A Comissão concluiu, portanto, que nenhum dos produtores-exportadores dos EUA incluídos na amostra cooperou no inquérito do reexame da caducidade. Como consequência, a Comissão decidiu aplicar o disposto no artigo 28.o do regulamento de base e, em conformidade com o mesmo, que podiam tirar-se as conclusões, afirmativas ou negativas, com base nos factos disponíveis.

1.8.   Respostas ao questionário e visitas de verificação

(26)

A Comissão recebeu respostas ao questionário das autoridades dos EUA, dos produtores da União incluídos na amostra e de quatro utilizadores/comerciantes.

(27)

A Comissão procurou obter e verificou todas as informações que considerou necessárias para a determinação da existência de subvenções, do prejuízo daí resultante e do interesse da União.

(28)

Foram realizadas visitas de verificação nas instalações das seguintes autoridades dos Estados Unidos da América:

 

Autoridades federais dos EUA

Department of the Treasury (DOT) (Ministério das Finanças)

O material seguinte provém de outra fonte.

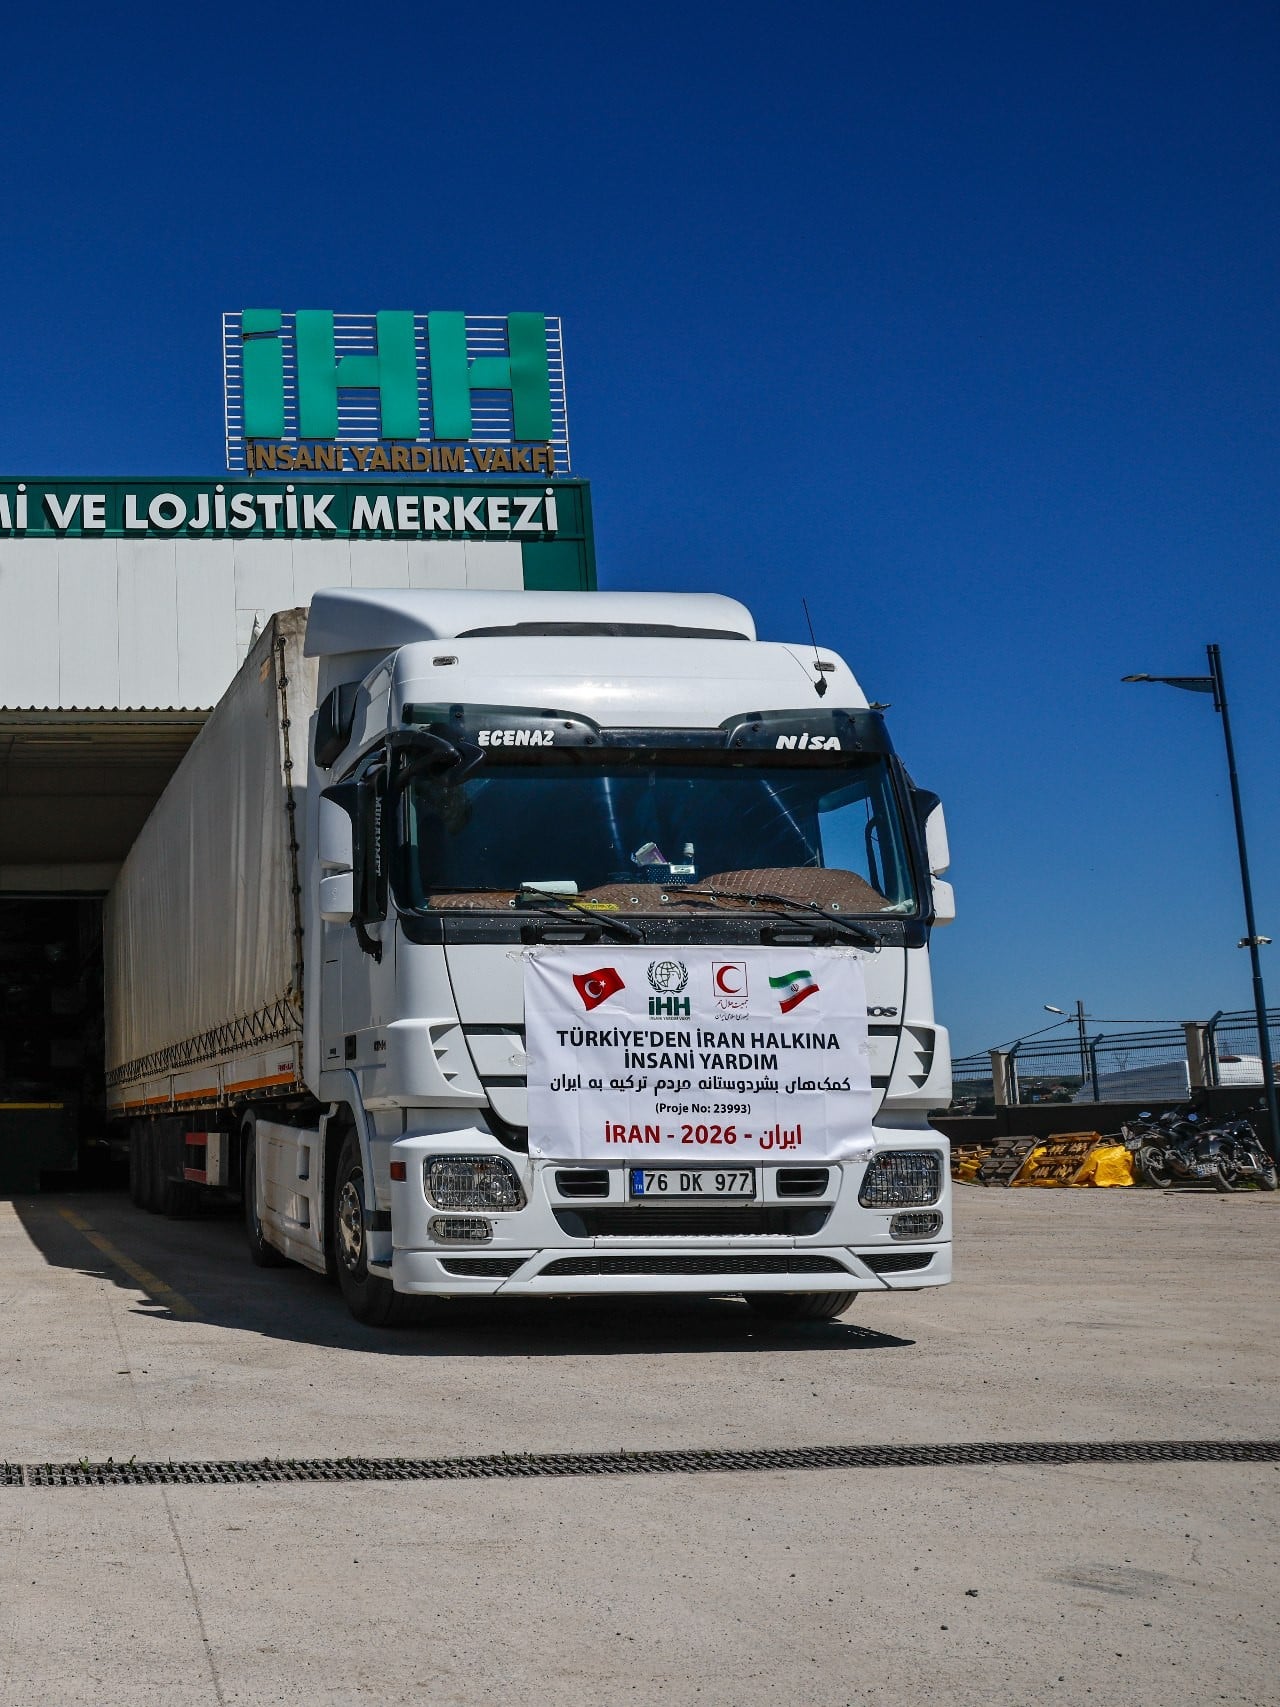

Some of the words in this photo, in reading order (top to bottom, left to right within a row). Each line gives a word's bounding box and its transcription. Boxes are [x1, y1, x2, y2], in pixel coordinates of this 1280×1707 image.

Department of Agriculture (USDA) (Ministério da Agricultura)

 

Autoridades dos Estados federados

Autoridades do Estado da Florida, Tallahassee

Autoridades do Estado de Iowa, Des Moines

Autoridades do Estado de Kansas, Topeka

Autoridades do Estado de Kentucky, Frankfort

(29)

Foram efetuadas visitas de verificação às instalações dos seguintes produtores da União:

Bio-Oils Huelva S.L., Huelva, Espanha

Biopetrol Rotterdam BV, Roterdão, Países Baixos

Diester Industries SAS, Rouen, França

Novaol S.R.L., Milão, Itália

Preol a.s., Lovosice, República Checa

Rafineria Trzebinia S.A., Trzebinia, Polónia

Verbio Vereinigte BioEnergie AG, Leipzig, Alemanha

1.9.   Divulgação

(30)

Em 3 de junho de 2015, a Comissão comunicou a todas as partes interessadas os factos e as considerações essenciais com base nos quais tencionava manter as medidas antissubvenção em vigor e convidou todas as partes interessadas a apresentar as suas observações. As observações apresentadas pelas partes interessadas foram consideradas pela Comissão, que as tomou em conta quando adequado.

(31)

Na sequência da divulgação final, o NBB solicitou uma audição ao Conselheiro Auditor dos processos em matéria de comércio, a qual lhe foi concedida.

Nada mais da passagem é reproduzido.